Persistent infection by papillomaviruses involves the maintenance of viral DNA as a nuclear plasmid, the replication of which requires host DNA polymerases. The role of the cellular DNA polymerase alpha-primase holoenzyme was probed by using soluble extracts from rodent cells that replicate bovine papilloma virus 1 and human papilloma virus 6b DNA in the presence of the viral E1 helicase and the E2 transcription factor. Monoclonal antibodies directed against the catalytic 180-kDa subunit of polymerase alpha inhibit DNA synthesis in this system.
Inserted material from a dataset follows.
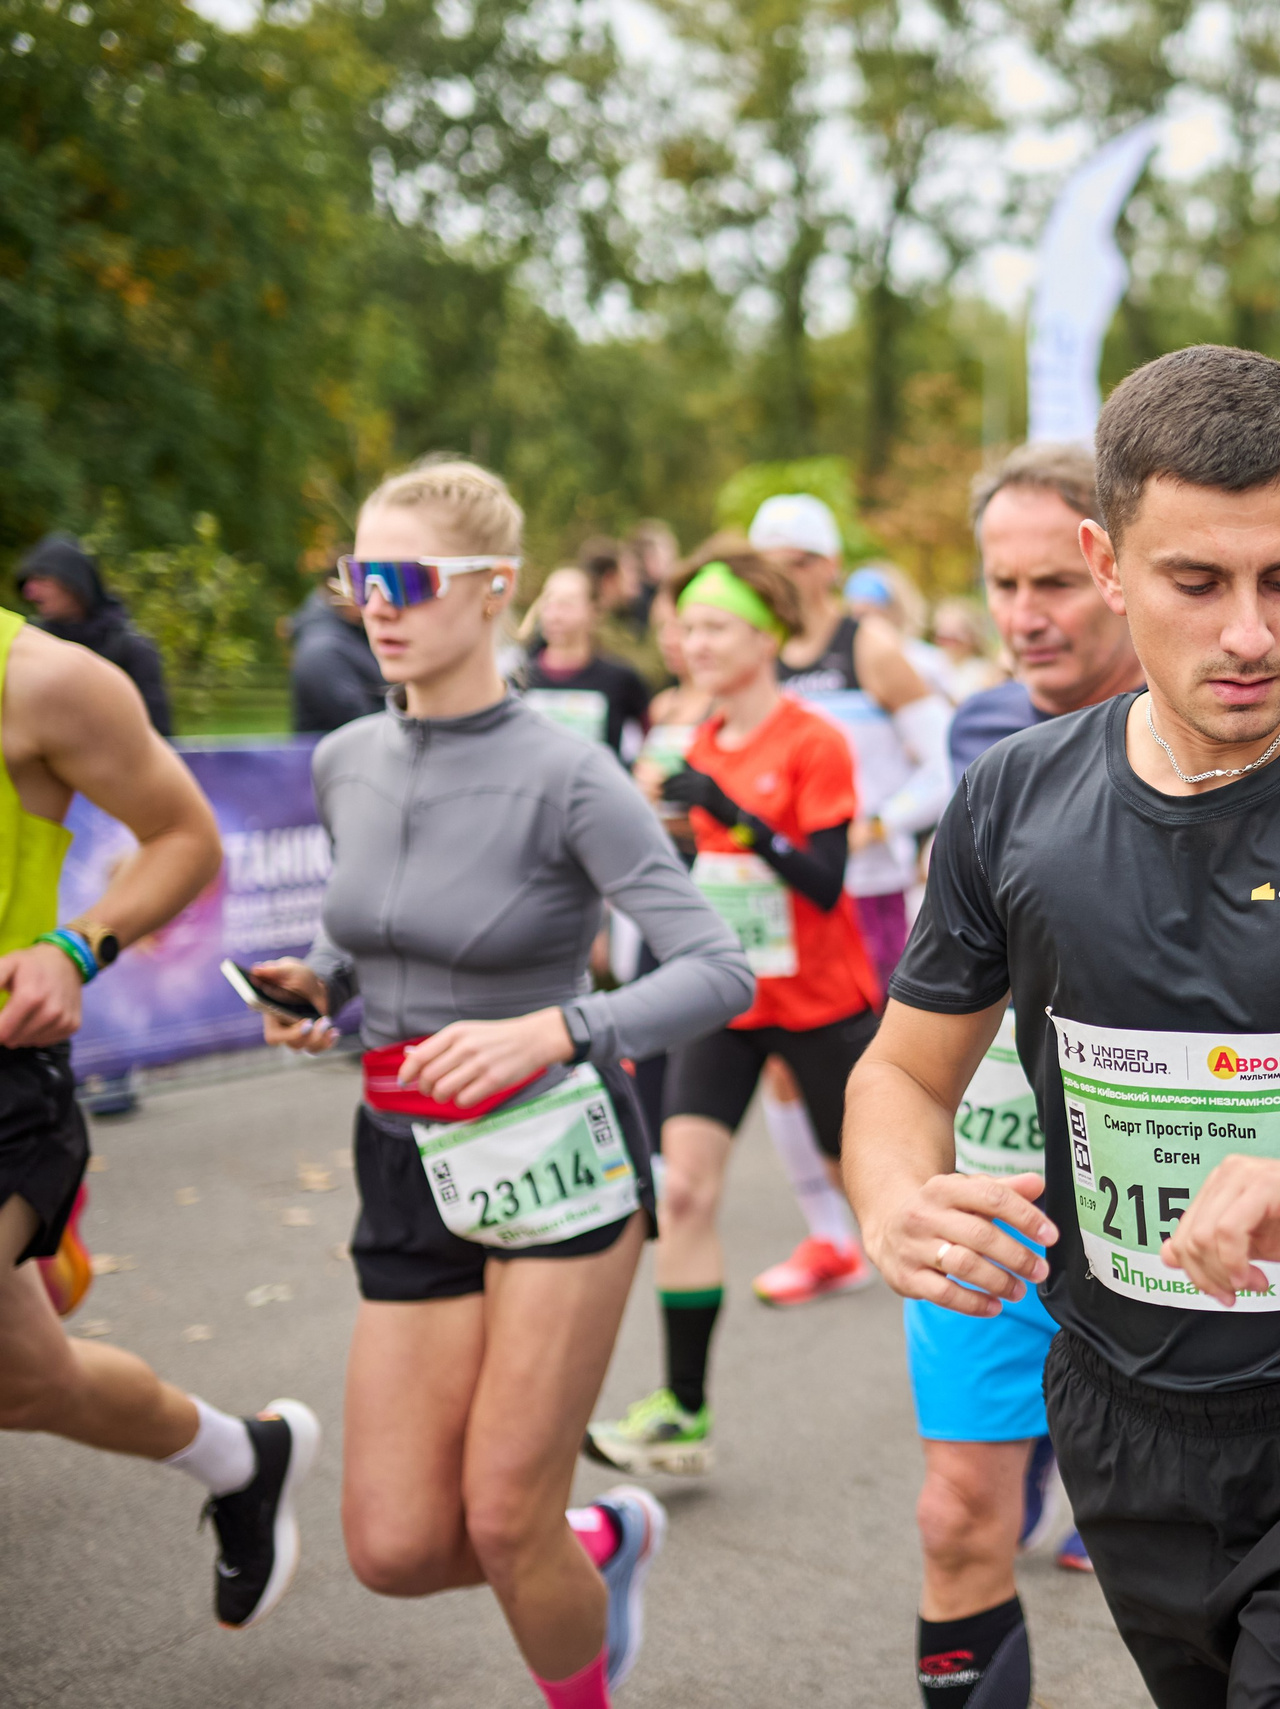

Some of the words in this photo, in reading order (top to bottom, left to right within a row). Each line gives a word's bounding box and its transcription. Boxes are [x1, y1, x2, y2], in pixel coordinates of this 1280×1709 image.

Addition of purified human polymerase alpha-primase holoenzyme to neutralized extracts restores their DNA synthetic activity. The amino-terminal 424 amino acids of E1 forms a specific protein complex with the p180 polymerase subunit. Immune complexes can be isolated with antibodies directed against E1 that contain a DNA polymerase activity. Moreover, this polymerase activity can be neutralized by anti-polymerase alpha antibodies. Permissivity barriers were not encountered in this in vitro system, as bovine E1 can interface with the murine and human replication apparatus. Although the large tumor antigens encoded by simian virus 40 and polyoma share limited primary sequence homology with the papillomavirus E1 proteins, the organization of functional motifs at the level of primary protein structure is remarkably similar. In addition to their origin-specific DNA-binding activity, each of these helicases may function to help recruit the cellular polymerase alpha-primase complex to the viral replication origin.